Stigmatisation de l’immigré, perpétuation du déclin de l’état social

Les thuriféraires du concept de nationalité oublient pourtant trop souvent qu’elle n’est qu’une abstraction résultant de tracés frontaliers arbitraires. C’est ce sentiment identitaire dépeignant l’autre sous des traits qui distinguent qui amènent à ne pas voir chez lui l’ensemble de traits qui rapprochent. L’autre est noir, jaune, brun… intéressé, sa présence est une possibilité de vol d’une partie des biens que j’ai mis tant de temps à acquérir et amasser. Le modèle capitaliste est tellement achevé qu’il parvient à faire craindre à l’individu qu’on lui arrache ses richesses matérielles tout en lui extirpant dans un même temps ce qui avait fait la fierté sociale de son état et nous l’avait fait appelé providence. Pendant qu’on présente le voleur qui ne vole rien d’un côté, l’état généreux d’avant ne donne plus et retire d’avantage. La folie est que dans ce paradigme, la progression du mécanisme de réduction des avantages sociaux provoque immédiatement un accroissement de la crainte, concourrant à l’individualisme des sociétés que certains appellent démocratiques, nécessitant alors une intervention étatique limitée à cette fonction unique d’agent protecteur des biens obtenus en échange d’argent. L’étranger, affamé, dont le pays, pillé par les multinationales et nos gouvernements, est exsangue, s’avère dans cette équation le bouc émissaire idéal. Et l’invraisemblance est que dans ce conformisme aux valeurs occidentales de celui qu’on appellera bientôt l’immigré se fixe la peur de l’indigène du nord car tous deux veulent la même chose, ou en tous cas ce dernier le croit. Tout cela imbriqué dans une organisation complexe alimentée par la haine, la bêtise, la peur du lendemain, l’émulation, les politiques, les médias où lui, l’Immigré, est le coupable idéal, celui qui nécessite le moins d’investigation, celui qu’on pendait sur la place publique au Moyen Âge parce qu’il nous avait indiqué involontairement que notre système n’était pas capable d’amener à cette vérité qui chez nos gouvernants devenait une rengaine hypocrite et justifiante : liberté, égalité, fraternité.

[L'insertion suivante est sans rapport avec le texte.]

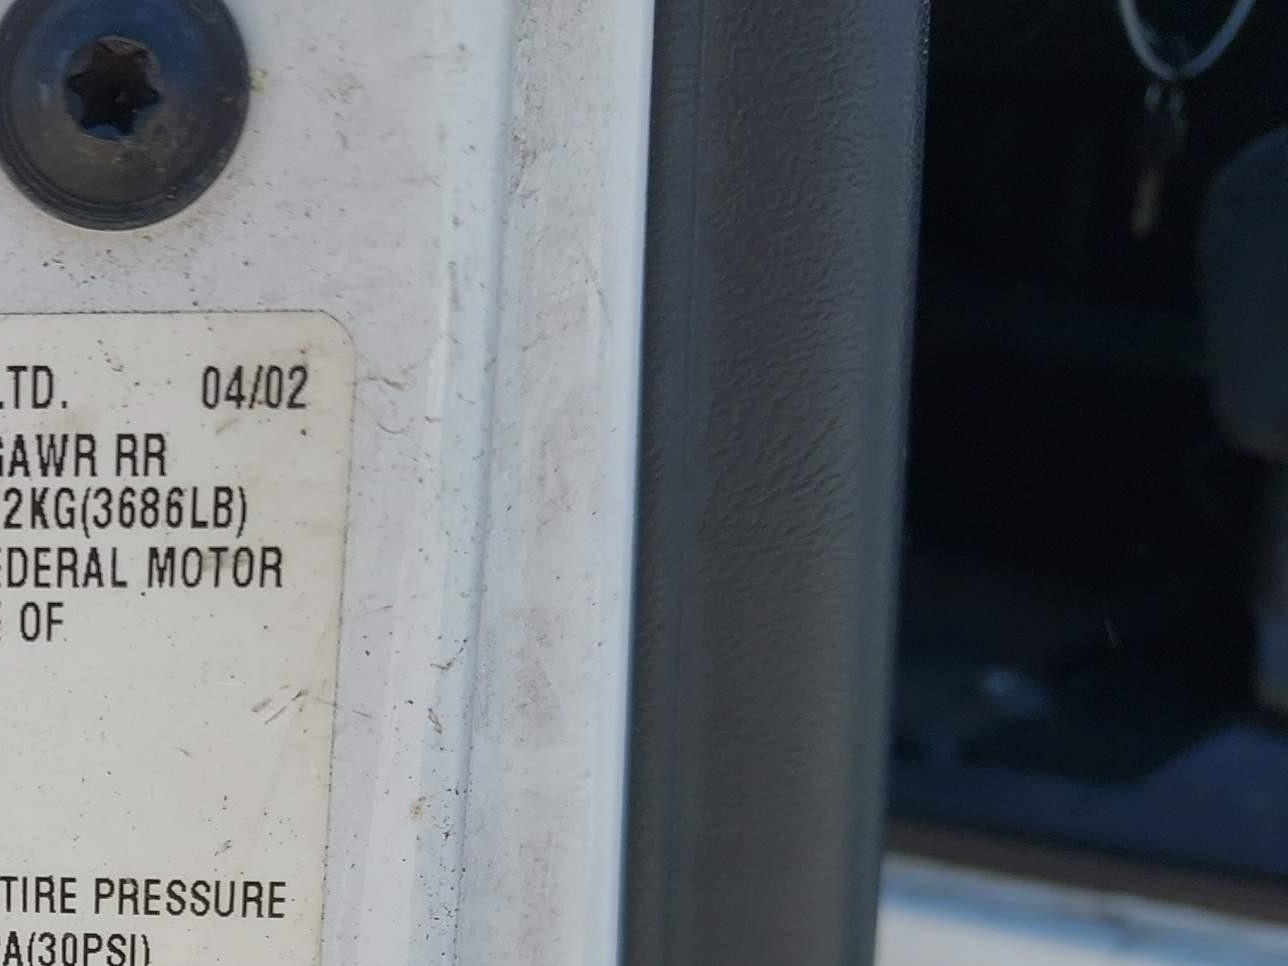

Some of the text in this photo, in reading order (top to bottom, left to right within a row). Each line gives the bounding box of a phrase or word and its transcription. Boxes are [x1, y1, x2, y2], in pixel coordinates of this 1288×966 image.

La lente agonie des services publics, la déliquescence programmée des diverses protections sociales, la peur  de l’autre répandue dans nos actes quotidiens, l’ignorance, l’ineptie de nos médias, cherchant plus à se modeler au modèle économique dominant qu’à nous offrir un point de vue subversif et contestataire, nous aliènent et sont autant d’armes contre les immigrés et tous ceux qui tombent du train de la compétitivité et de la croissance économique.

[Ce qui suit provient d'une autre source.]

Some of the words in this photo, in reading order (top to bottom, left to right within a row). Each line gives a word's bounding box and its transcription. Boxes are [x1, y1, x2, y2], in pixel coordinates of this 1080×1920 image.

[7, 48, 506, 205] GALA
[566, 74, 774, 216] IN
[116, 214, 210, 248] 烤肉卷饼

Les mots sont en outre créateurs de réalité. Dans nos sociétés, il n’y a que l’indigent qu’on qualifie d’immigré. Celui qui vient travailler dans les institutions européennes à Bruxelles n’est qu’un travailleur temporaire même s’il s’installe ad vitam aeternam dans le pays ; le baroudeur n’est qu’un voyageur s’octroyant le sabbat pour visiter le monde qu’il refuse chez lui, les multinationales établies de force par les ajustements structurels orchestrés par la Banque Mondiale et le FMI ne sont composées que de laborieux volontaires percevant des salaires astronomiques et à qui l’on offre encore une prime pour se bronzer la pilule au soleil… Tous cela nous indique forcément que c’est le niveau socio-économique qui détermine l’octroi de l’identité d’immigré.

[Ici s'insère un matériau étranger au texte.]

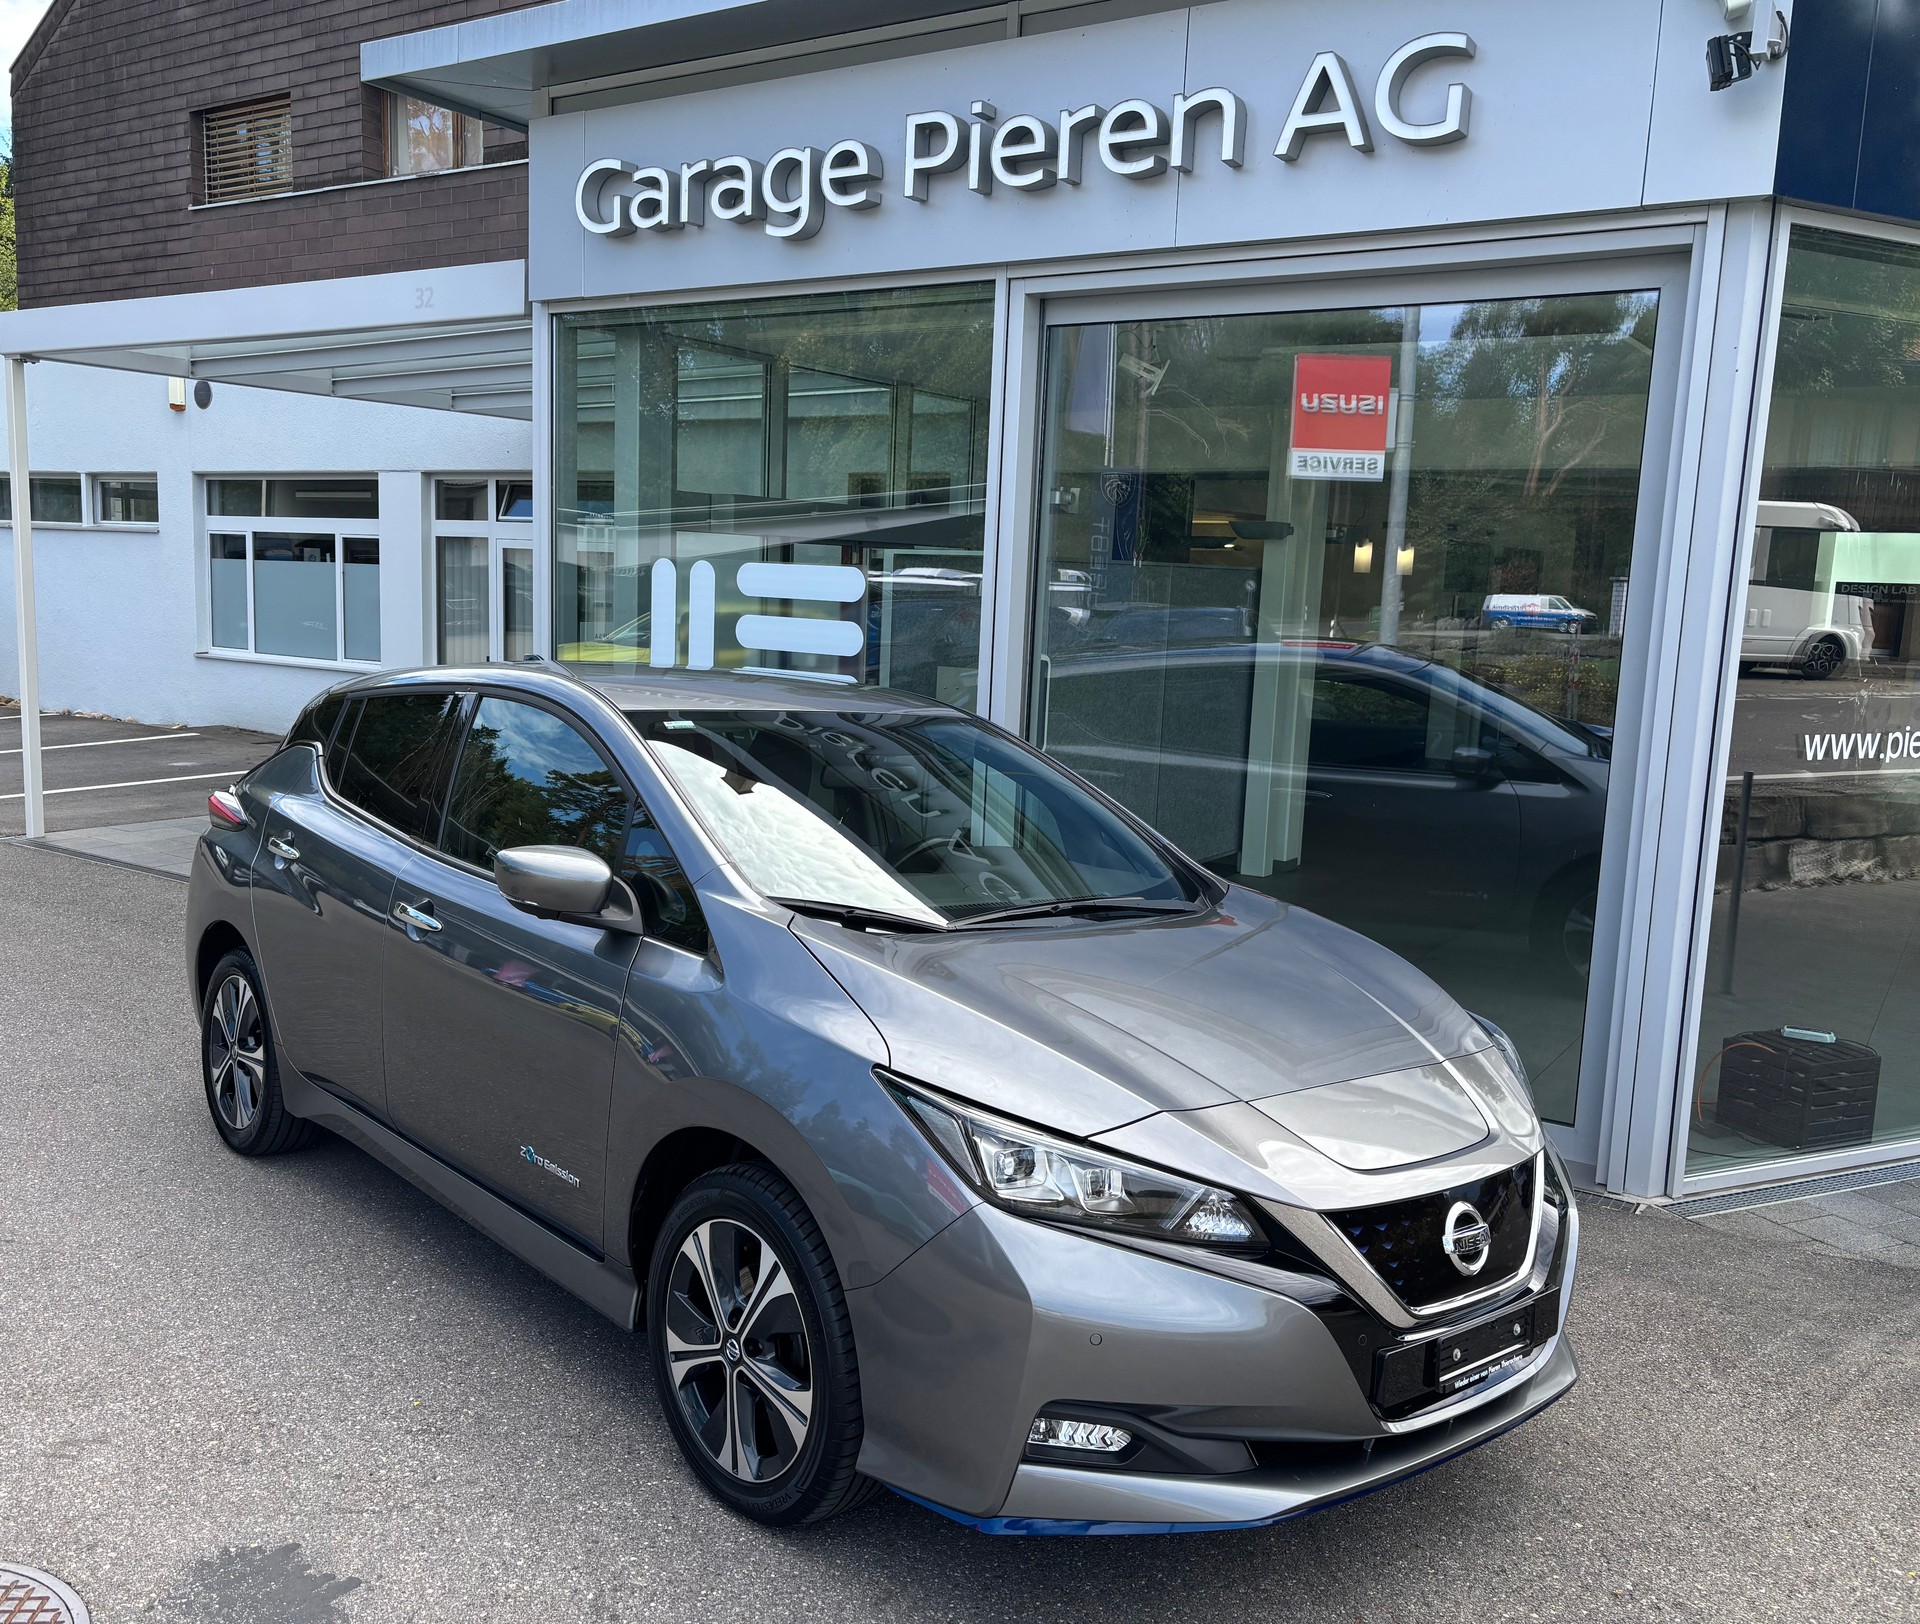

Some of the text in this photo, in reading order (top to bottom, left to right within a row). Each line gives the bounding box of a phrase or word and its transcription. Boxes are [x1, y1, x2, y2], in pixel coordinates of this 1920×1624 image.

[574, 31, 1477, 241] Garage Pieren AG
[414, 286, 435, 309] 32
[1841, 583, 1918, 595] DESIGN LAB
[543, 1159, 581, 1188] Emission
[1454, 1228, 1491, 1253] NISSAN
[1454, 1375, 1470, 1389] Wieder
[1469, 1372, 1480, 1383] einer
[1480, 1369, 1489, 1378] von
[1488, 1364, 1501, 1375] Pieren

J’ai vu l’autre fois un immigré… il avait les yeux de mon ami, de mon père, de ma mère… de mon voisin. J’y ai vu la souffrance, le courage, parfois la résignation d’un être subjugué parce que des siècles de colonisation lui ont fait penser comme supérieur un être qui avait les traits blancs et l’argent ; je l’ai vu me servir dans un hôtel lorsque j’allais en vacances comme un bourgeois pour me reposer de ma bloc d’étudiant. Il m’a regardé et dans cette soumission de l’être qui est né d’arrières grands-parents, grands-parents, parents à qui l’on a toujours dit qu’ils étaient en retard, m’a glorifié pour avoir pu faire un voyage que le salaire d’un job d’étudiant d’un mois m’avait permis de financer là où lui aurait dû travailler 5 ans. Il avait tellement intériorisé le stéréotype qu’il voyait ma richesse comme le résultat d’une quête personnelle que lui n’avait pas atteint, par sa faute, son origine, sa naissance.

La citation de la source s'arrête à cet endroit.